> GOAL OF THE EXERCISE
Repeat these records exactly, pictures excluded.

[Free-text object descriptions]
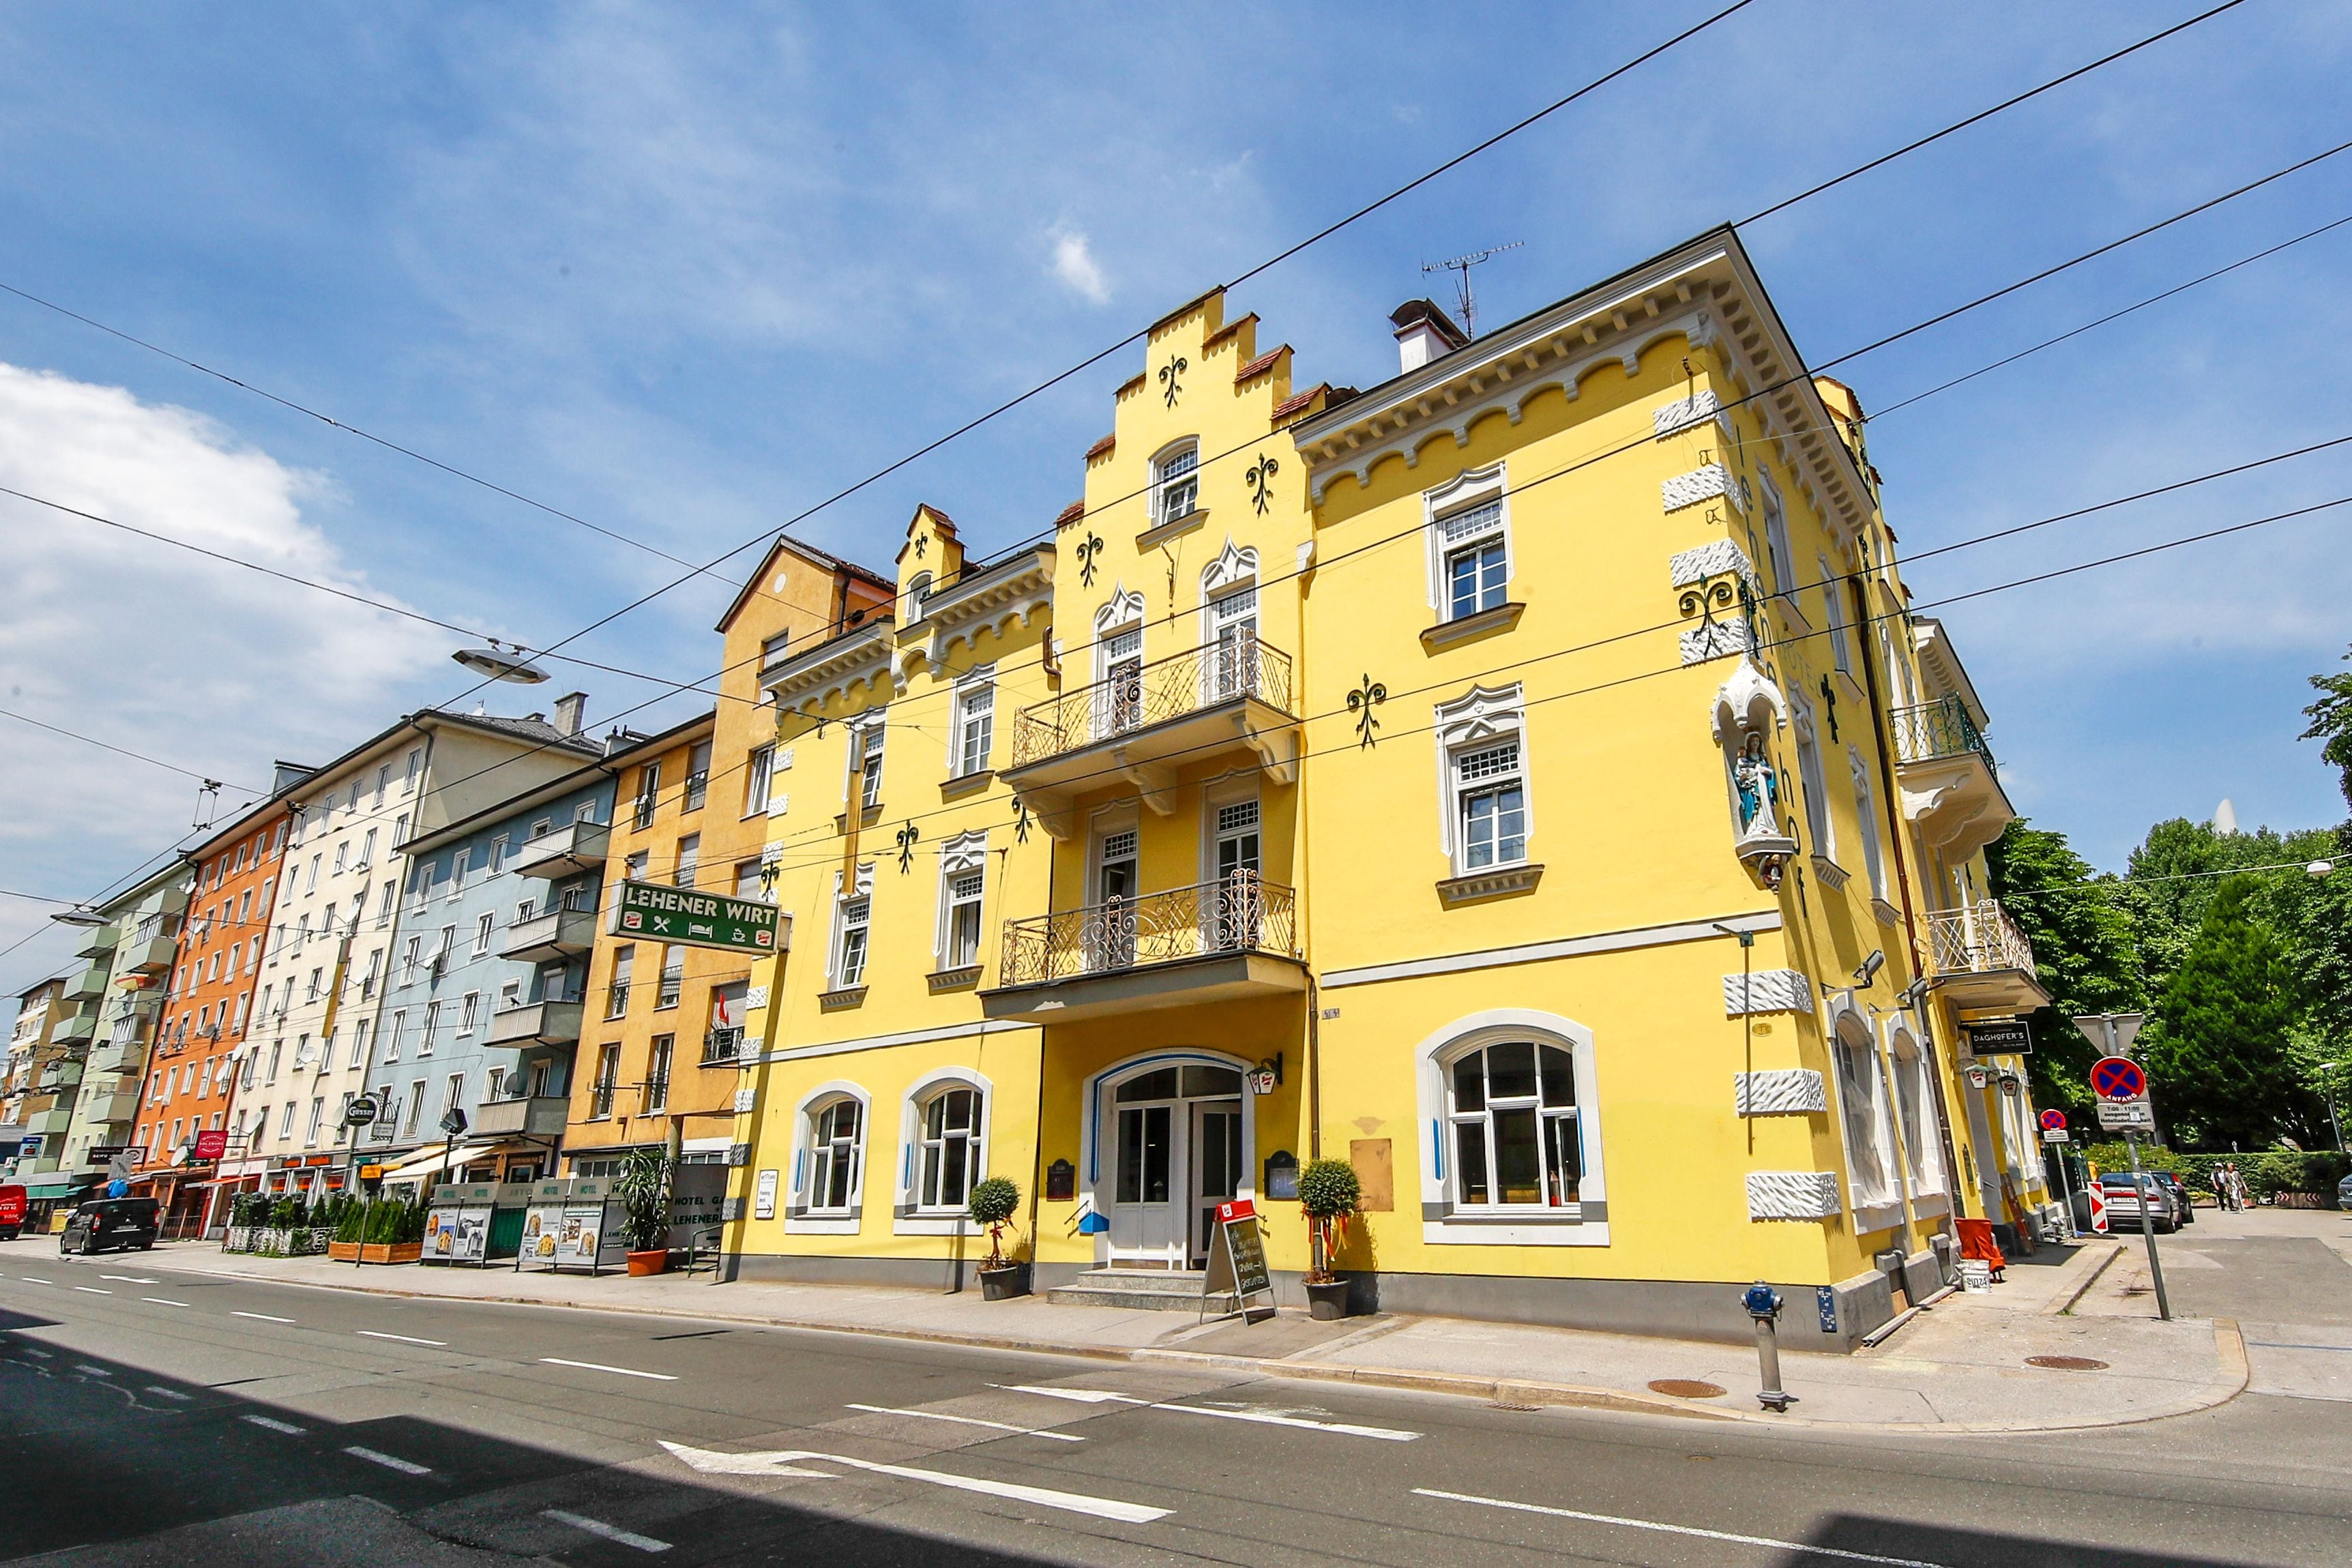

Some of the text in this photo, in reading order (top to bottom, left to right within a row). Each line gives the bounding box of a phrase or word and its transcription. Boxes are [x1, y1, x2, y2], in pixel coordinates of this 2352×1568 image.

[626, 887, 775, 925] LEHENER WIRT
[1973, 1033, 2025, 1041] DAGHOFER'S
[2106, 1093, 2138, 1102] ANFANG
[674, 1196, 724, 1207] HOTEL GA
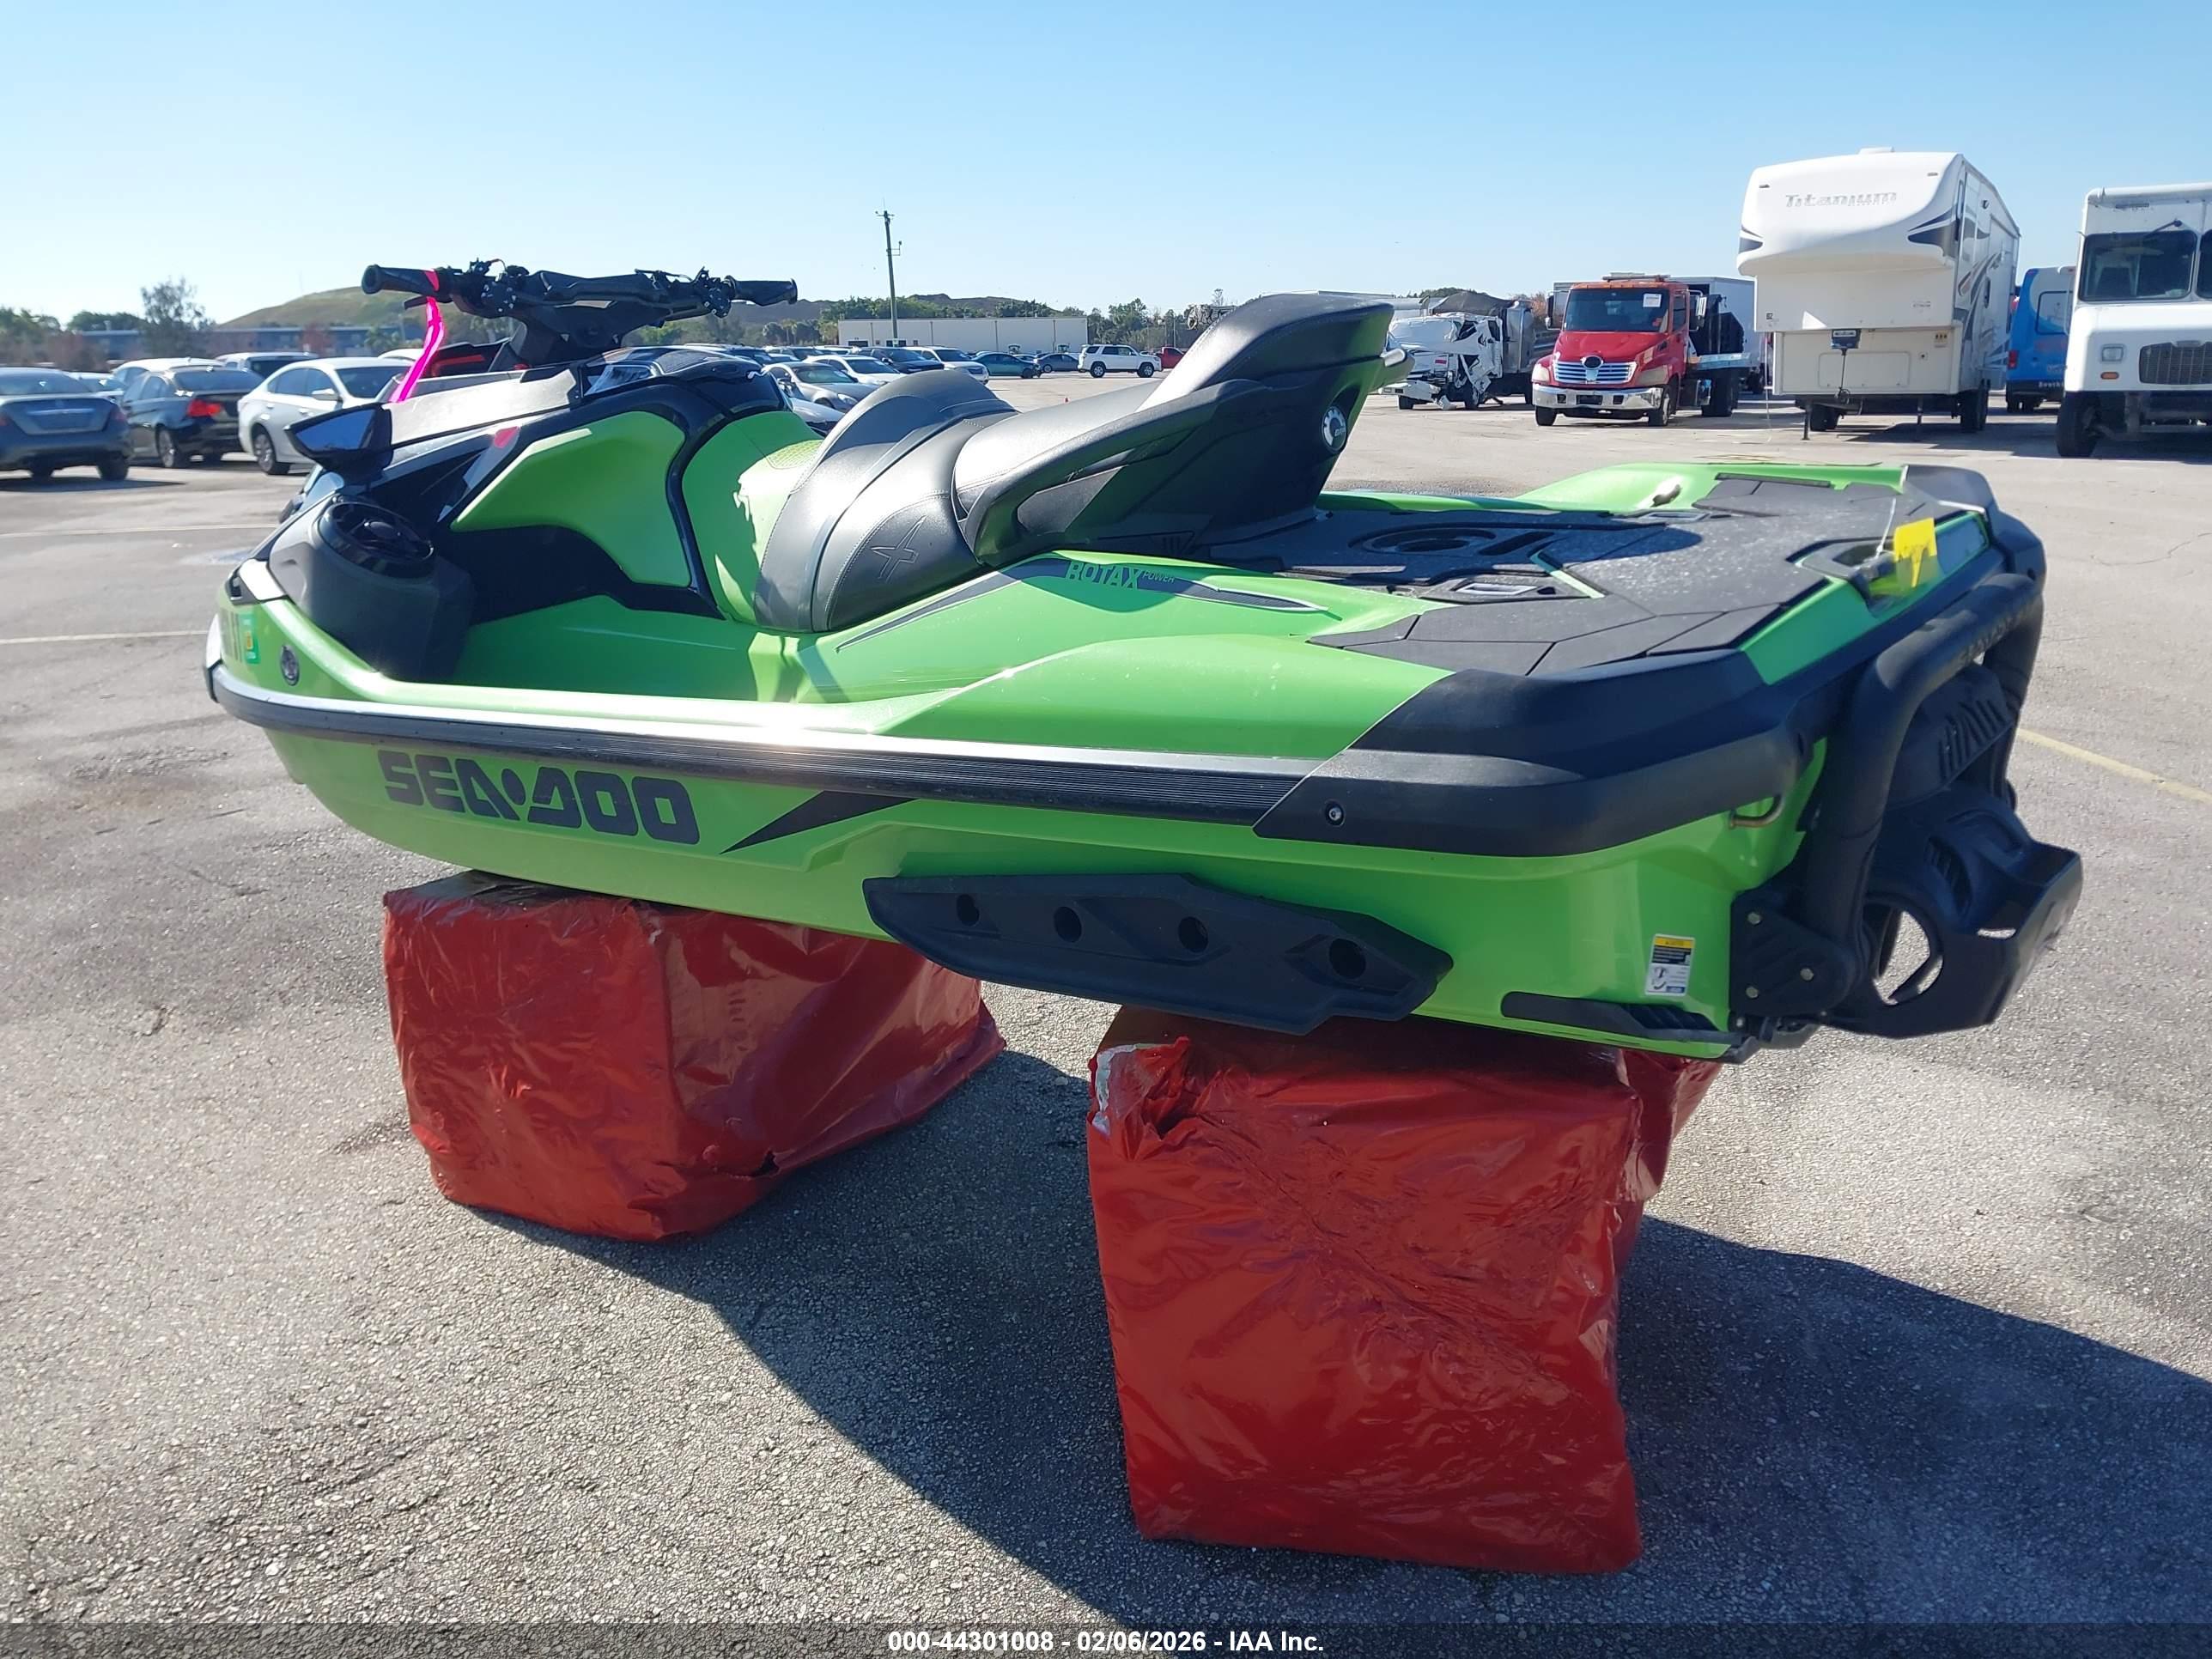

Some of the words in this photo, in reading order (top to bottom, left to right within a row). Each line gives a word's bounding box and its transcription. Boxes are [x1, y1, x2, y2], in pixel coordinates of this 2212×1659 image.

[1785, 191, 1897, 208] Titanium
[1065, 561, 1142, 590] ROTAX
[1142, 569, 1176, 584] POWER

> SOLUTION
Some of the text in this photo, in reading order (top to bottom, left to right within a row). Each line gives the bounding box of a phrase or word and its transcription. Boxes are [x1, y1, x2, y2], in pixel coordinates of this 2352×1568 image.

[626, 887, 775, 925] LEHENER WIRT
[1973, 1033, 2025, 1041] DAGHOFER'S
[2106, 1093, 2138, 1102] ANFANG
[674, 1196, 724, 1207] HOTEL GA

Some of the words in this photo, in reading order (top to bottom, left to right within a row). Each line gives a word's bounding box and its transcription. Boxes are [x1, y1, x2, y2], in pixel coordinates of this 2212×1659 image.

[1785, 191, 1897, 208] Titanium
[1065, 561, 1142, 590] ROTAX
[1142, 569, 1176, 584] POWER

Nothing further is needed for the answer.